Peer relationships become the central arena in which attachment processes are likely to play out during adolescence and beyond, and contribute to various aspects of psychosocial adjustment.

Objective

Given the relevance of peer connections and the growing literature examining them, the purpose of this article was to review, through a meta-analytic approach, the evidence of the links of youth close peer relationships with internalizing problems within the theoretical framework of attachment.

Methods

Journal articles were searched in PsycINFO, PsycARTICLES, ERIC, Web of Science, and Scopus electronic databases; in journals most likely to publish papers on peer attachment; and in reference lists of selected papers. Thirty-six studies were included in the meta-analysis.

Results

The findings showed significant moderate correlations between peer attachment and anxiety, depression, and internalizing problems.
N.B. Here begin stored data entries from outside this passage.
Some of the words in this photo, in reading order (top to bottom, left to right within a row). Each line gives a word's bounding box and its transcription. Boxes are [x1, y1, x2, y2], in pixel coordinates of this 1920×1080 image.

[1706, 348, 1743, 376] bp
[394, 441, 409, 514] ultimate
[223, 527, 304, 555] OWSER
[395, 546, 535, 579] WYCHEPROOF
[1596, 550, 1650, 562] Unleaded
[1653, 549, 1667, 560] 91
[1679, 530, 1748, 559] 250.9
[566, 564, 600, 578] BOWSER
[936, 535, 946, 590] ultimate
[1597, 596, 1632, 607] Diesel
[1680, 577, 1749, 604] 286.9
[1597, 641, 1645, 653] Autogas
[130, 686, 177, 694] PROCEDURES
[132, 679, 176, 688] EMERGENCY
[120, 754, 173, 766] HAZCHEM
Additional analyses indicated that the dimensions of attachment more strongly related to depression were alienation and trust, whereas peer communication was weakly related to depression. Findings were characterized by significant heterogeneity across studies that was partially explained by the results of moderator analyses.

Conclusions

This study suggests that secure peer attachment might make young people less vulnerable to symptoms of depression and anxiety. Insecure peer attachment, on the other hand, is associated with an increased likelihood of experiencing internalizing symptomatology. Additionally, this study shows the moderating effect of gender suggesting that peer attachment is more strongly related to depressive symptoms in adolescent girls.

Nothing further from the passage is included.